**Description of the task**
Each record below should be reproduced as it is written, with pictures left out entirely.

**Provided records**
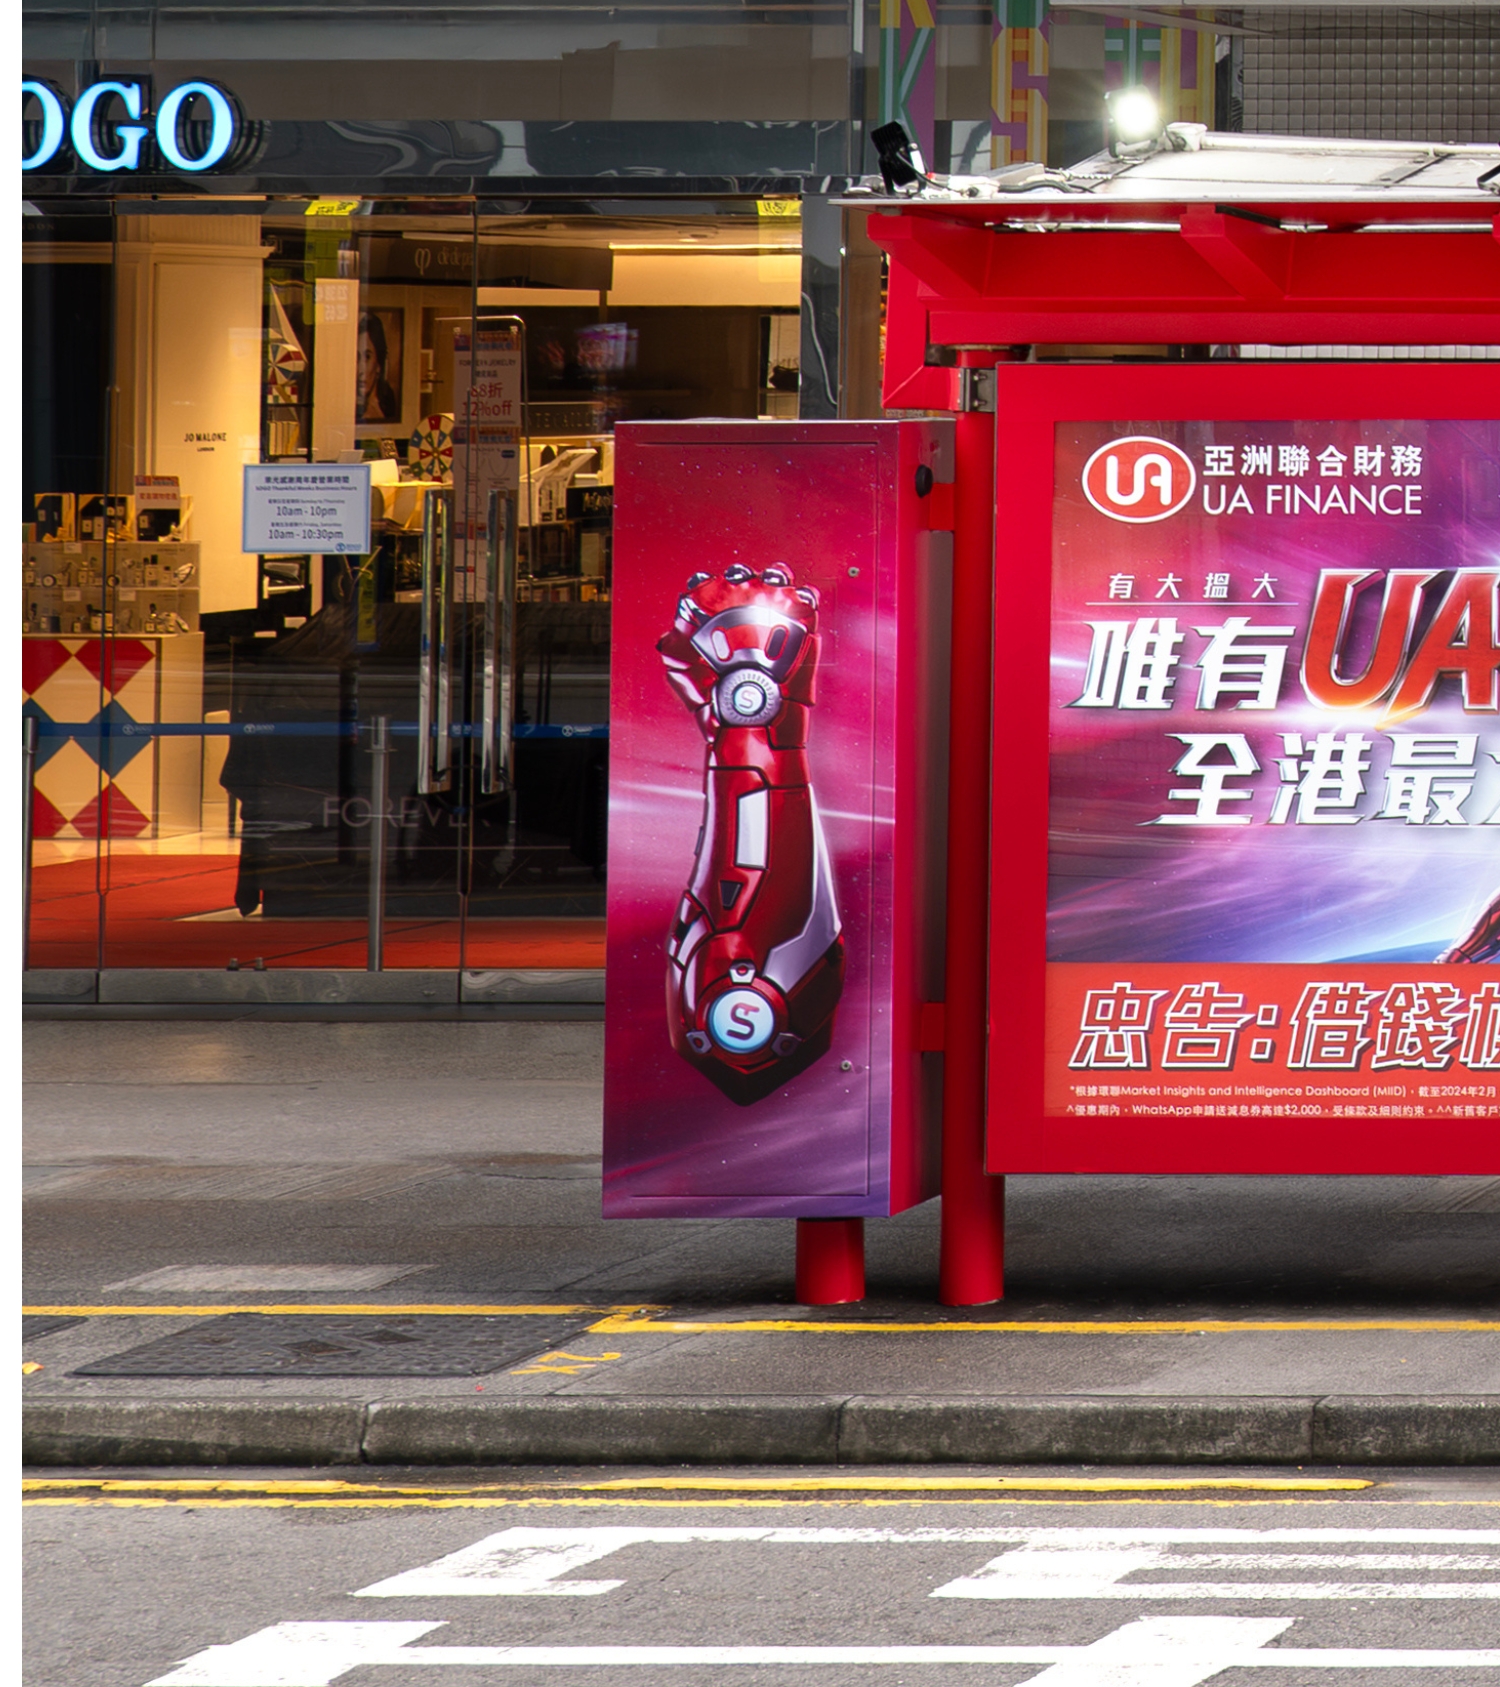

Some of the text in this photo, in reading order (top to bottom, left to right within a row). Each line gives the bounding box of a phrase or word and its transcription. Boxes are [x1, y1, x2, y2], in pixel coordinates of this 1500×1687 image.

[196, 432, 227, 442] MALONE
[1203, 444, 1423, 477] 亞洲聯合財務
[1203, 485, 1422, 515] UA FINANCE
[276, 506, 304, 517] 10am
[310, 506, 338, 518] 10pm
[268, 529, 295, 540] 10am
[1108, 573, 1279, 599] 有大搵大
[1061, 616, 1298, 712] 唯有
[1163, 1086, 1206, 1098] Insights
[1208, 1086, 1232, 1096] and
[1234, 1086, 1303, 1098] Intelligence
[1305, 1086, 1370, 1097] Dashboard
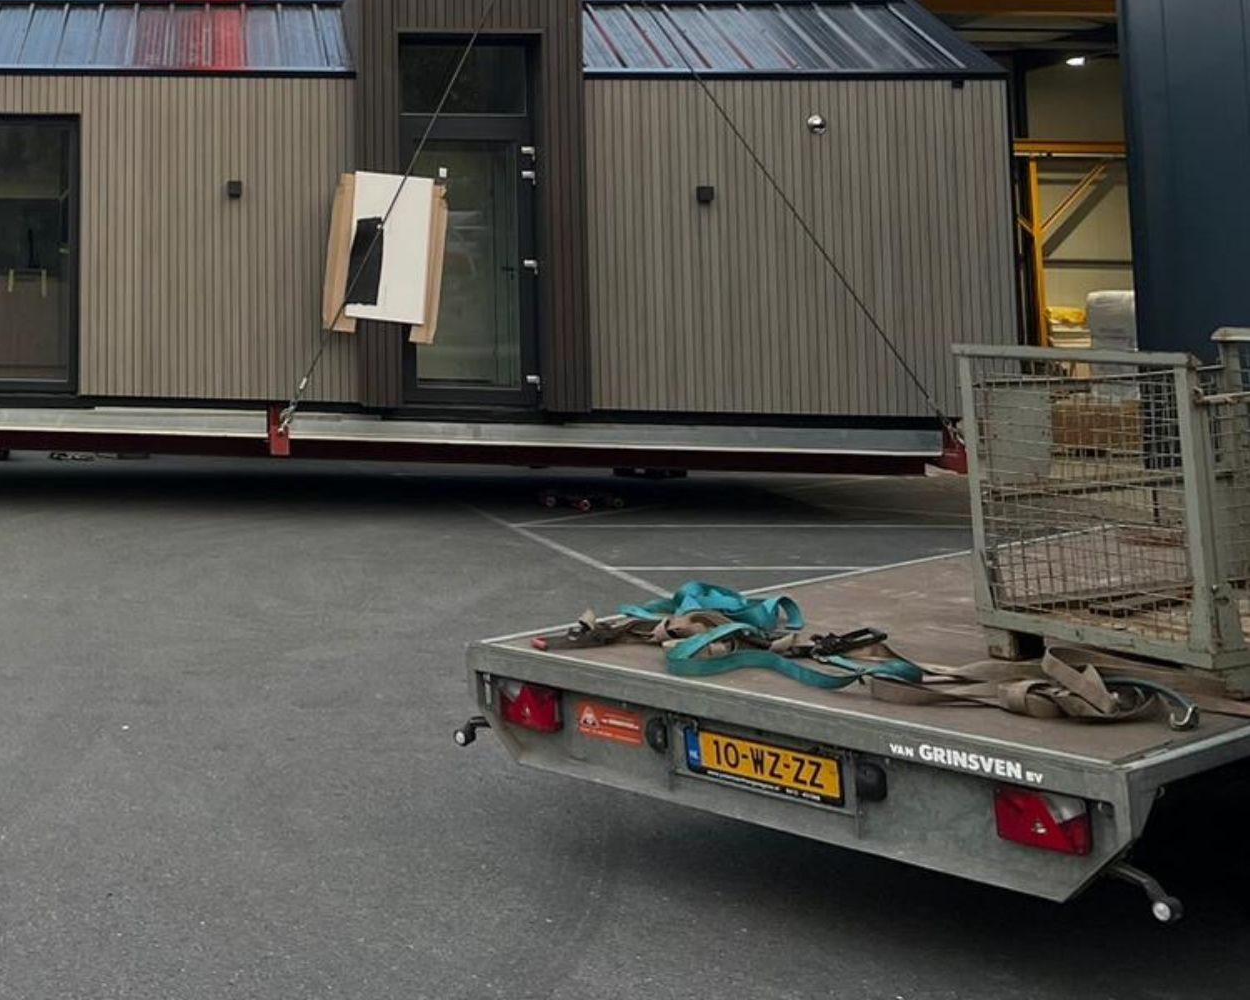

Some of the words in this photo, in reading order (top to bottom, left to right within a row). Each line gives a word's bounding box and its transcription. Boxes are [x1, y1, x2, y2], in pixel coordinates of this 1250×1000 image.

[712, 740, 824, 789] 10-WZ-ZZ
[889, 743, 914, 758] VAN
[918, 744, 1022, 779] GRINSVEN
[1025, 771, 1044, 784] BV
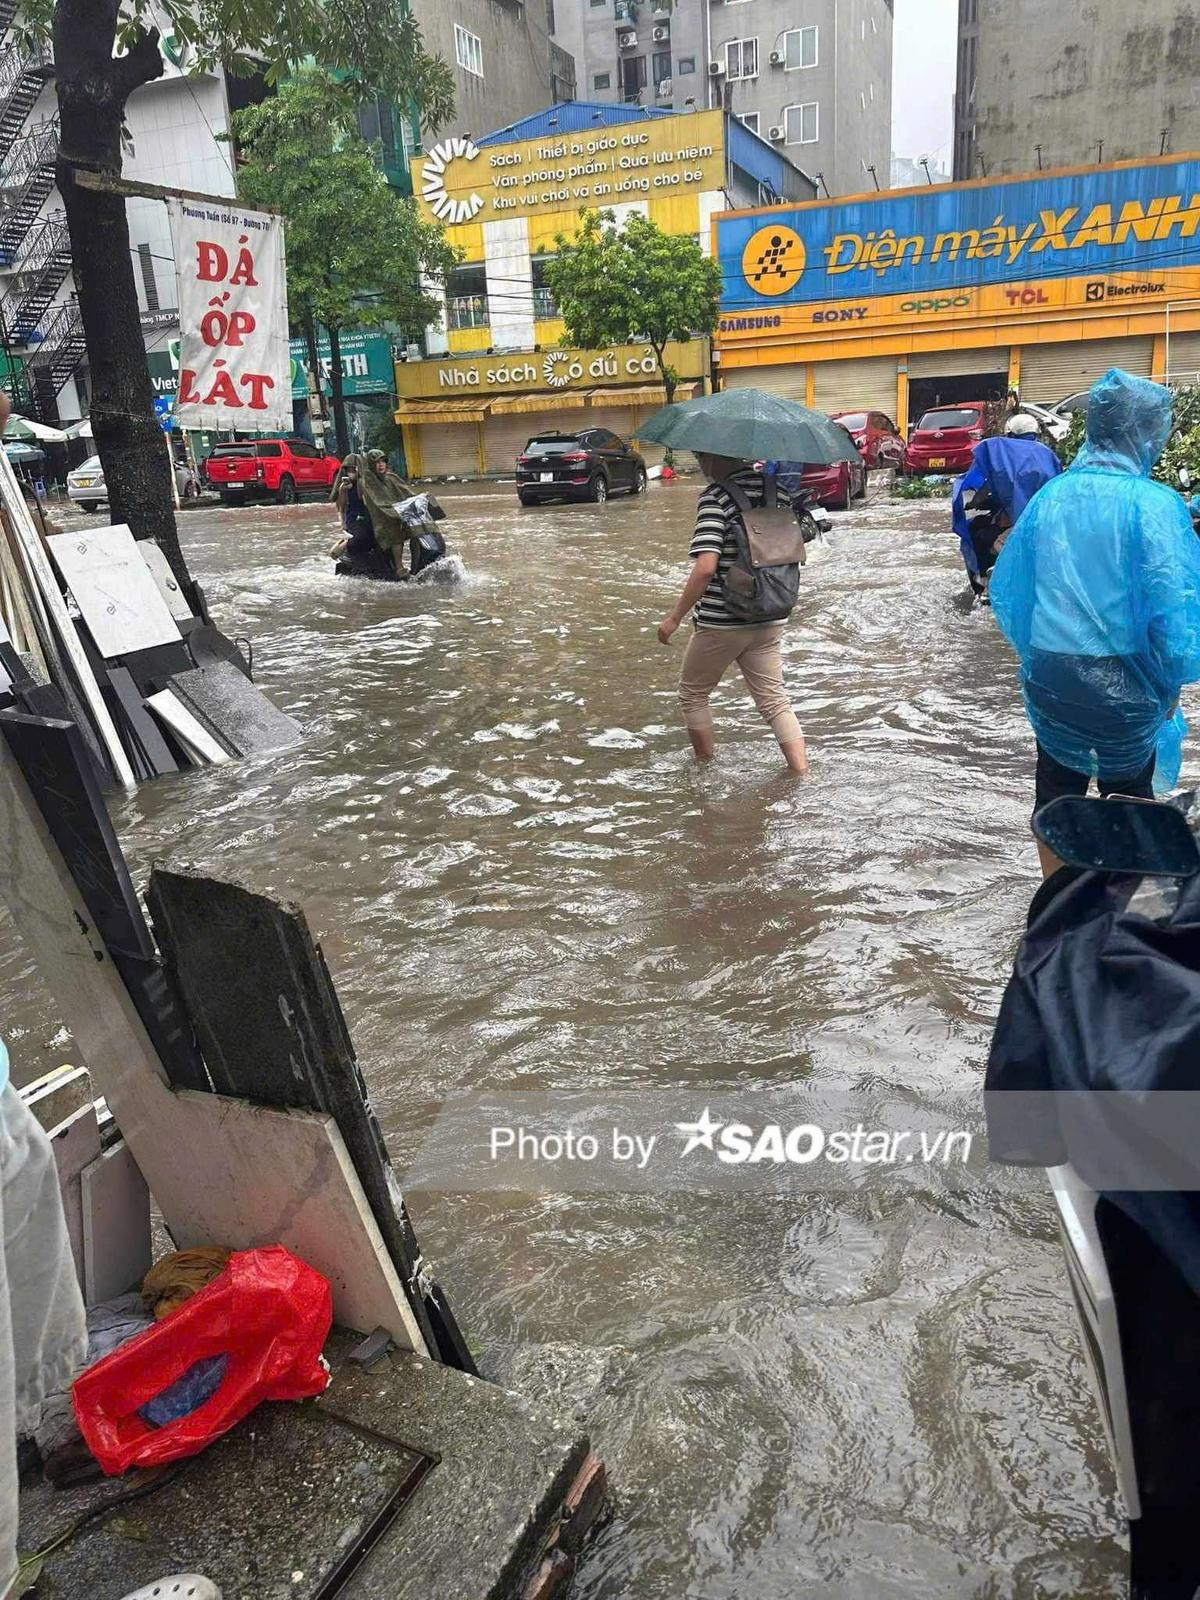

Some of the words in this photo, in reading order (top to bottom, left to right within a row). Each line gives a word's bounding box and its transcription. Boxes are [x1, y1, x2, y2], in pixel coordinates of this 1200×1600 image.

**Output for this task**
Some of the text in this photo, in reading order (top to bottom, left to right within a row). Each line gives the bounding box of a phrase or word and its transcription. Boxes are [x1, y1, x2, y2], in pixel coordinates of this 1500×1687 image.

[196, 432, 227, 442] MALONE
[1203, 444, 1423, 477] 亞洲聯合財務
[1203, 485, 1422, 515] UA FINANCE
[276, 506, 304, 517] 10am
[310, 506, 338, 518] 10pm
[268, 529, 295, 540] 10am
[1108, 573, 1279, 599] 有大搵大
[1061, 616, 1298, 712] 唯有
[1163, 1086, 1206, 1098] Insights
[1208, 1086, 1232, 1096] and
[1234, 1086, 1303, 1098] Intelligence
[1305, 1086, 1370, 1097] Dashboard

Some of the words in this photo, in reading order (top to bottom, left to right within a row). Each line gives a word's bounding box and its transcription. Boxes are [x1, y1, x2, y2], in pixel coordinates of this 1250×1000 image.

[712, 740, 824, 789] 10-WZ-ZZ
[889, 743, 914, 758] VAN
[918, 744, 1022, 779] GRINSVEN
[1025, 771, 1044, 784] BV

Some of the words in this photo, in reading order (top to bottom, left to right within a row). Each line gives a word's bounding box and its transcription. Boxes are [x1, y1, x2, y2], in pixel coordinates of this 1200×1600 image.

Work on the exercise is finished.